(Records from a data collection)

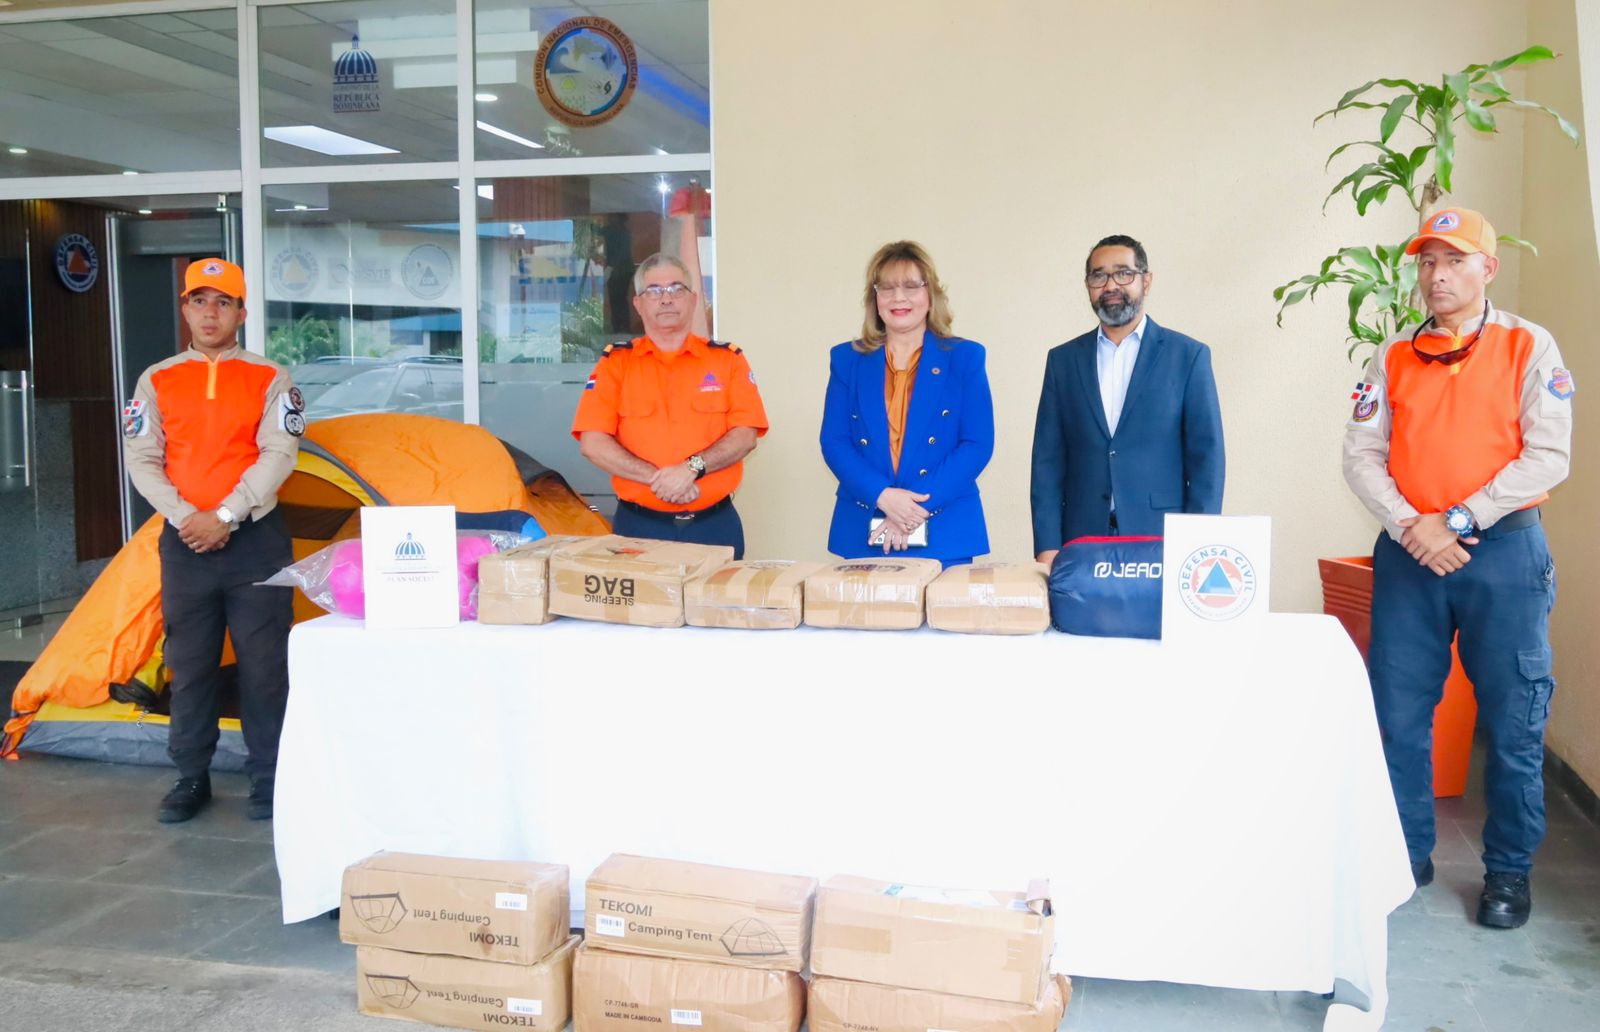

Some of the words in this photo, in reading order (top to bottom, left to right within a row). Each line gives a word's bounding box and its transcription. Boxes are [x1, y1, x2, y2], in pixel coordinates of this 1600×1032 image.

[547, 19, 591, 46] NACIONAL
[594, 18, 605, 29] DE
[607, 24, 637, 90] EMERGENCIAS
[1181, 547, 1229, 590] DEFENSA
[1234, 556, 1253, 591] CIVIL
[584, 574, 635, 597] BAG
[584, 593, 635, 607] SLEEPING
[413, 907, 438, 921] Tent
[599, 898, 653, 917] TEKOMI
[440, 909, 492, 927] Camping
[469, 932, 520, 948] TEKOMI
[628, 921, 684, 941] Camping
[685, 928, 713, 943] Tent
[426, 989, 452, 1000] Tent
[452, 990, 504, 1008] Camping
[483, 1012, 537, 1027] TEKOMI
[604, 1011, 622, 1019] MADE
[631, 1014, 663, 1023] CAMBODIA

◆ Work to be completed: Set down the data again, exactly, without images.

◆ Answer space:
Some of the words in this photo, in reading order (top to bottom, left to right within a row). Each line gives a word's bounding box and its transcription. Boxes are [x1, y1, x2, y2], in pixel coordinates of this 1600×1032 image.

[547, 19, 591, 46] NACIONAL
[594, 18, 605, 29] DE
[607, 24, 637, 90] EMERGENCIAS
[1181, 547, 1229, 590] DEFENSA
[1234, 556, 1253, 591] CIVIL
[584, 574, 635, 597] BAG
[584, 593, 635, 607] SLEEPING
[413, 907, 438, 921] Tent
[599, 898, 653, 917] TEKOMI
[440, 909, 492, 927] Camping
[469, 932, 520, 948] TEKOMI
[628, 921, 684, 941] Camping
[685, 928, 713, 943] Tent
[426, 989, 452, 1000] Tent
[452, 990, 504, 1008] Camping
[483, 1012, 537, 1027] TEKOMI
[604, 1011, 622, 1019] MADE
[631, 1014, 663, 1023] CAMBODIA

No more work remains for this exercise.